All too frequently people sign contracts or agreements without bothering to read them. They just sign each blank that’s highlighted, or every line marked with a X. For plaintiff Patricia Evans from Pennsylvania, this proved to be the error that ended her injury case against the gym chain LA Fitness.
In November 2014, while working out under a personal trainer’s direction, the 63 year old was doing suicide runs when she fell and fractured her wrist. She alleged that her trainer was pushing her to go faster when the fall and fracture occurred. The fitness company prevailed on summary judgment, meaning that a trial never happened and a jury never heard the case, because Ms. Evans signed a release of liability form.
Releases and Waivers Can End Your Case
Most gyms or facilities that permit the public to come in and partake in physical activity will ask all participants to sign a release or waiver of liability before starting any activity. Because people are faced with only two options, sign and participate, or don’t sign and don’t participate, these waivers and releases get signed without even being read. Even if the waiver is read, there is no negotiation available. These waivers are routinely upheld by courts.

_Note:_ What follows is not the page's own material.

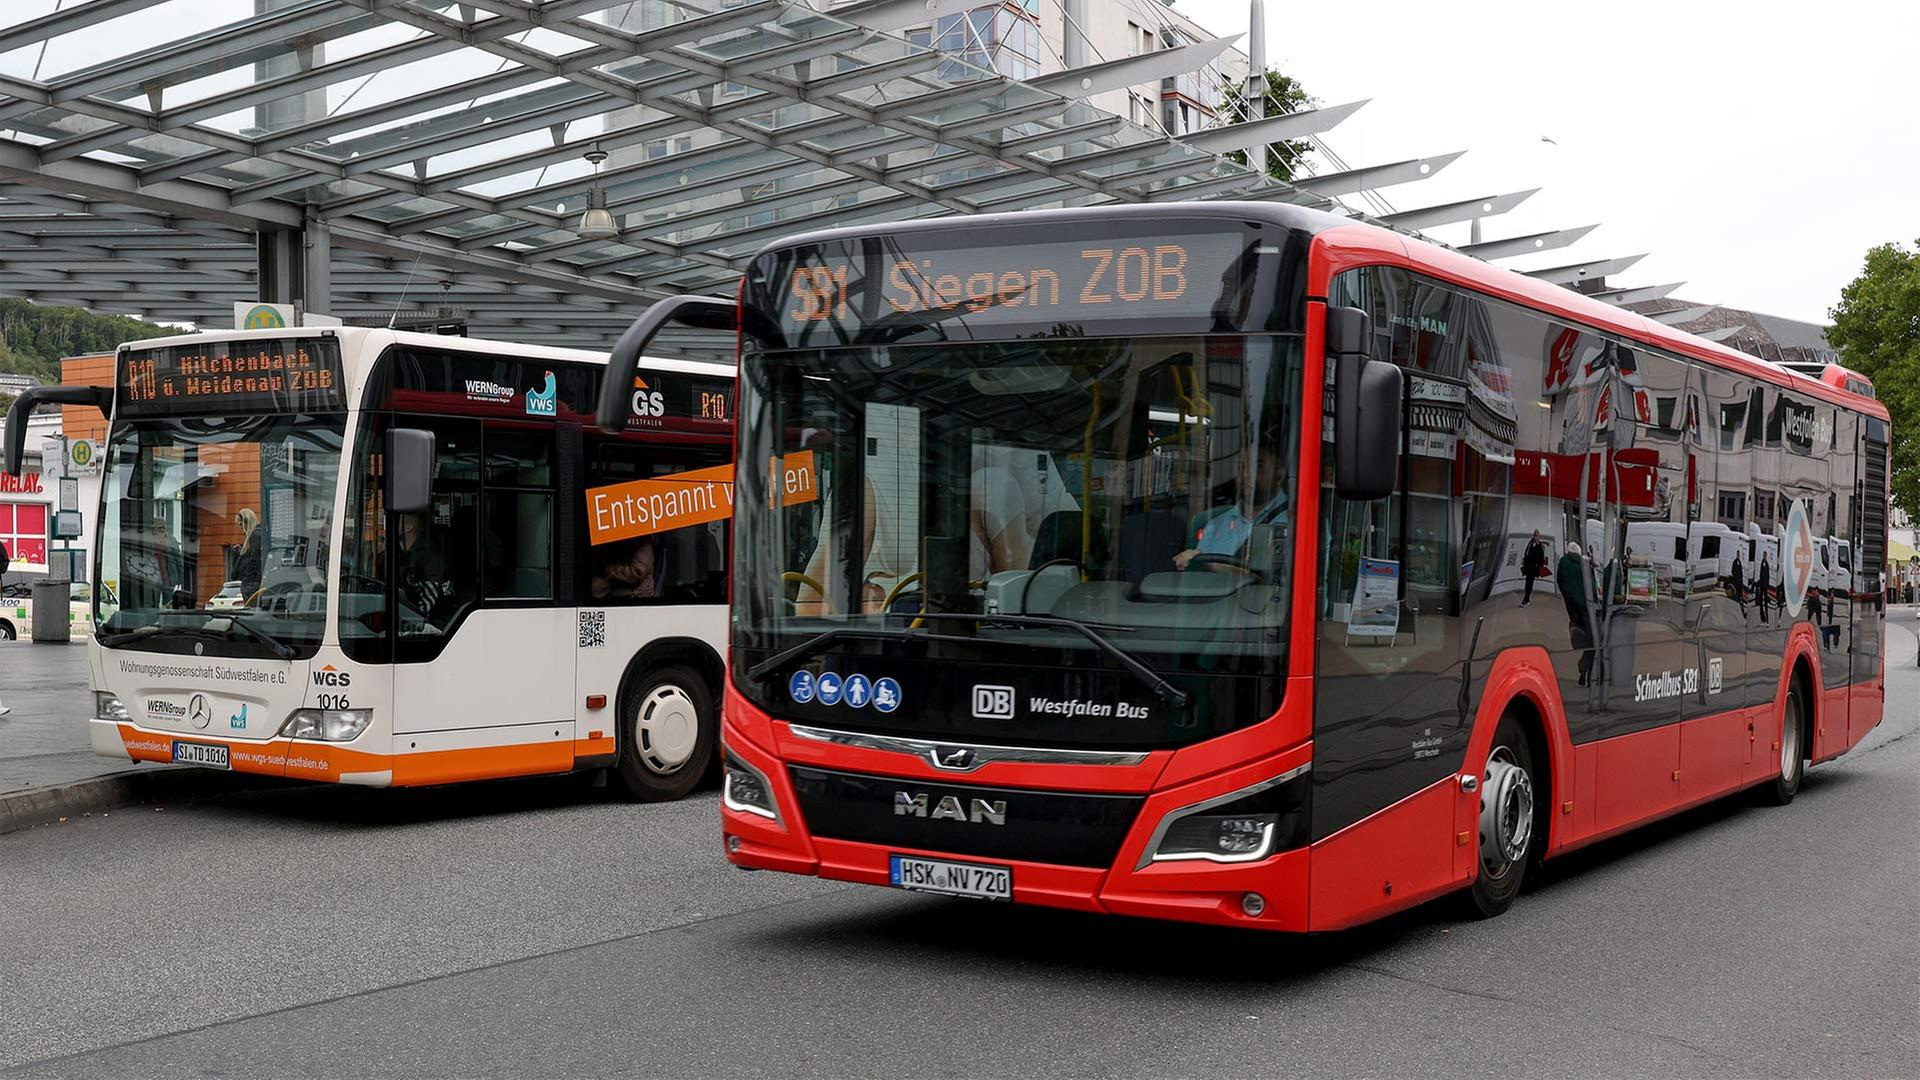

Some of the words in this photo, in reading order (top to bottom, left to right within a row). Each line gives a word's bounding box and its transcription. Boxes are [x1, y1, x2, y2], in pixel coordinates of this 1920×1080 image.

Ms. Evans was faced with this exact situation: either sign the waiver or don’t use the facility. When she was injured, her attorney filed suit and attempted to challenge the waiver on the grounds that it is a contract of adhesion and thus void as per public policy. Unfortunately for Ms. Evans, the court did not believe that she had no option but to sign the agreement. The Court found that she could have not signed, and not used the services or facility; that by signing the release, she was assuming the risk that she could be injured while exercising.
Common Sense Does Not Always Control
Some might consider it fair that Ms. Evans did not win her case, and that she was prevented from even trying her case to a jury, because she fell. Many take the opinion that suing a gym when you caused your own injury is not right. However, consider the recent case of Jonas Barrish against CrossFit Inc.. In that case, a release was not signed and the gym was held liable for the independent action of Mr. Barrish that caused his injury. His instructor even told him not to do what he did, yet he was still successful in winning a verdict because gym instructors have a duty to keep their participants safe.
Releases and waivers will not always be upheld, however courts tend to enforce the releases in the absence of gross misconduct, especially if the releases or waivers are narrowly tailored.